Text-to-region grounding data
= Beginning of Section =

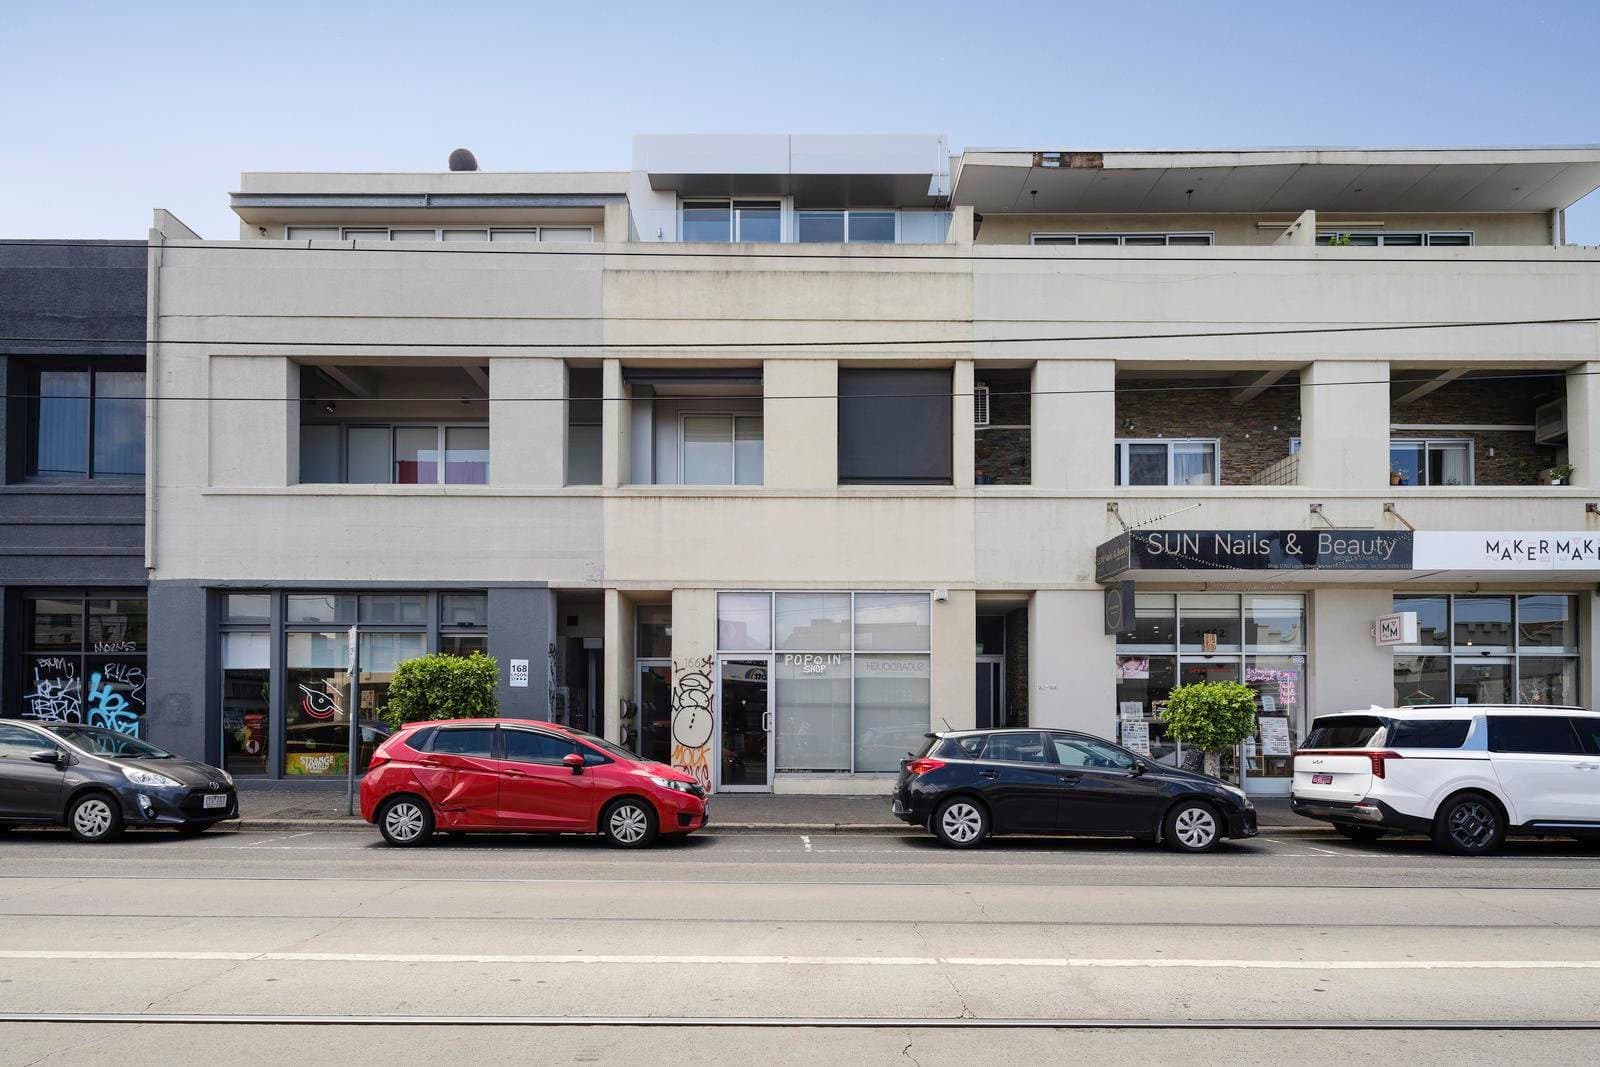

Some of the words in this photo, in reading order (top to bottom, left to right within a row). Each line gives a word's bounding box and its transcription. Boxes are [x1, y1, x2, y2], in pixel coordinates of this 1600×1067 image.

[1147, 533, 1199, 555] SUN
[1215, 532, 1270, 555] Nails
[1285, 533, 1303, 555] &
[1318, 533, 1397, 560] Beauty
[1486, 540, 1549, 561] MAKER
[1556, 540, 1600, 561] MAK
[511, 664, 528, 673] 168
[803, 664, 826, 673] SHOP
[300, 755, 334, 765] STRANGE
[305, 762, 330, 770] WORLD

= End of Section =

_Exercise aim:_
Keep every word of the records exact as you write them out, but drop the pictures.

_Result for this exercise:_
Some of the words in this photo, in reading order (top to bottom, left to right within a row). Each line gives a word's bounding box and its transcription. Boxes are [x1, y1, x2, y2], in pixel coordinates of this 1600×1067 image.

[1147, 533, 1199, 555] SUN
[1215, 532, 1270, 555] Nails
[1285, 533, 1303, 555] &
[1318, 533, 1397, 560] Beauty
[1486, 540, 1549, 561] MAKER
[1556, 540, 1600, 561] MAK
[511, 664, 528, 673] 168
[803, 664, 826, 673] SHOP
[300, 755, 334, 765] STRANGE
[305, 762, 330, 770] WORLD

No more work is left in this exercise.